Monteverdi Vespers of 1610 in 2010
Read my review published today on the Washington Post Web site:
Monteverdi, 1610 Vespers: La Capella Reial / Savall Gabrieli Consort / McCreesh King's Consort / King Kammerchor Stuttgart / Bernius |
Washington Post, January 11, 2010
On Saturday night the Folger Consort celebrated the 400th anniversary of the 1610 publication of Claudio Monteverdi's "Mass and Vespers for the Most Holy Virgin," with a performance of the Vespers portion at Washington National Cathedral. Monteverdi brought together pieces composed at different times and in every conceivable combination and style to form an encyclopedic work. Even the foremost authority on the piece, Jeffrey G. Kurtzman, has admitted that there is no one "authentic" performance: It was meant to have many possible realizations.Monteverdi, Vespro della Beata Vergine
This one used historical instruments, heard at their strongest as an ensemble in the sprightly "Sonata sopra Sancta Maria," especially the brilliant cornetto playing of Mack Ramsey and Kiri Tollaksen.
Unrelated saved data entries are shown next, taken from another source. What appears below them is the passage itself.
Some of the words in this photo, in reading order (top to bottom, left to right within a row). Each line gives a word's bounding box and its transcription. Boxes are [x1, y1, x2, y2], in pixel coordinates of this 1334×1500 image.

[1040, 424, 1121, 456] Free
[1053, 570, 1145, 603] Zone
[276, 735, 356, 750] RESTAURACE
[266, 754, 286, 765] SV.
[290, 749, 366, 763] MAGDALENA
The cathedral's crossing vibrated with the sound of all 14 players in an instrumental canzona by Giovanni Gabrieli, inserted into the work before the concluding "Magnificat" (the one for seven voices with instruments, not the six-voice alternate usually omitted in performance). In lieu of a conductor, lead violinist Julie Andrijeski and organist Webb Wiggins got a workout in knee bending and head bobbing to keep the ensemble together. [Continue reading]
Folger Consort
Washington National Cathedral
For more information, see Jeffrey G. Kurtzman, The Monteverdi Vespers of 1610:
Vespers was performed with great pomp and large musical forces on special feast days in many places in Renaissance/Baroque, but Monteverdi's "is by far the most elaborate version to have been printed in the early seventeenth century." The pieces that set texts known in the liturgy all set a cantus firmus, while most of the virtuosic solo pieces do not. Monteverdi specified instruments in only three sections: the opening versicle, the Sonata sopra Sancta Maria, and the 7-voice version of the Magnificat (with six instrumental lines). The ensemble specified requires, we think, 2 violins, 3 violas, bass violin, doublebass; 2 cornetti, 3 trombones (in various combinations), plus 2 transverse flutes and 2 recorders (for Magnificat).
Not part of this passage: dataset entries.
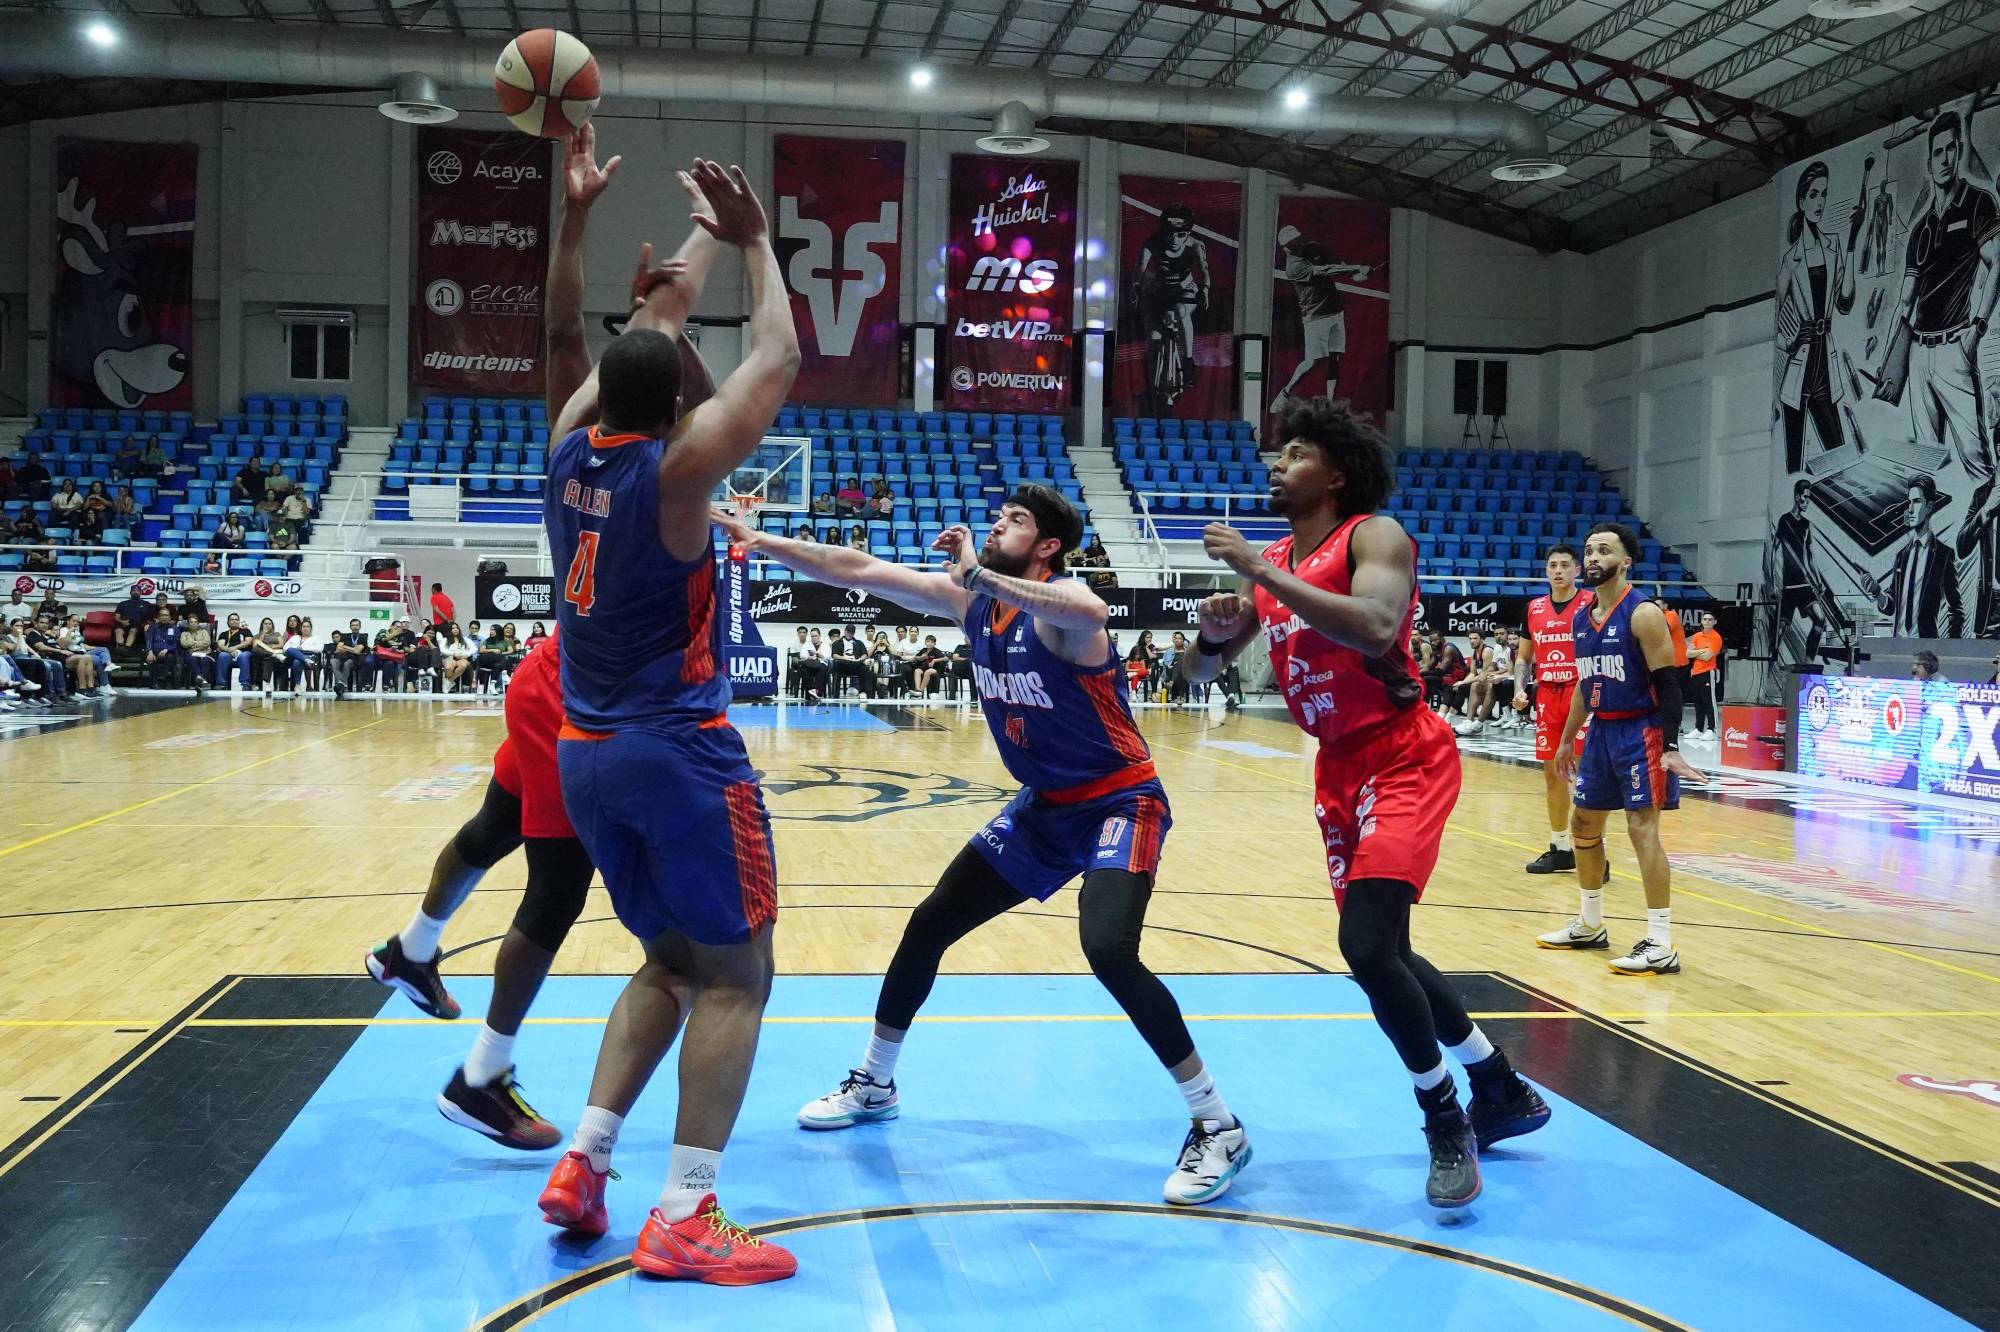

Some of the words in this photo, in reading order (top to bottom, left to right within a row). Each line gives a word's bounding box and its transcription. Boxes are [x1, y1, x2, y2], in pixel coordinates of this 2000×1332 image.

[997, 173, 1047, 203] Salsa
[971, 192, 1049, 237] Huichol
[430, 219, 538, 251] MazFest
[470, 284, 502, 301] El
[954, 317, 1065, 342] betVIP.mx
[423, 351, 535, 372] dportenis
[563, 478, 612, 518] ALLEN
[565, 530, 600, 617] 4
[36, 578, 65, 591] CID
[156, 579, 185, 592] UAD
[273, 583, 301, 594] CID
[521, 584, 551, 594] COLEGIO
[763, 583, 792, 601] Salsa
[729, 562, 744, 644] dportenis
[748, 593, 793, 619] Huichol
[851, 606, 882, 614] ACUARIO
[1449, 601, 1498, 615] KIA
[1448, 618, 1497, 632] Pacific
[730, 656, 773, 677] UAD
[1553, 671, 1573, 680] UAD
[1590, 682, 1602, 708] 5
[1631, 764, 1640, 789] 5
[1099, 816, 1128, 847] 87
Kurtzman also notes the following about the continuo practice: "There is a widespread misconception that any bass line in 17th-century music, even the bass lines of monodies and few-voiced compositions, should be doubled by a bass string instrument (although it did happen sometimes in San Marco and other places). While such doubling was a more common practice in the 18th century, it was not typical of the Seicento." In other words, the voice should be paramount, and the bass line should not draw attention to itself.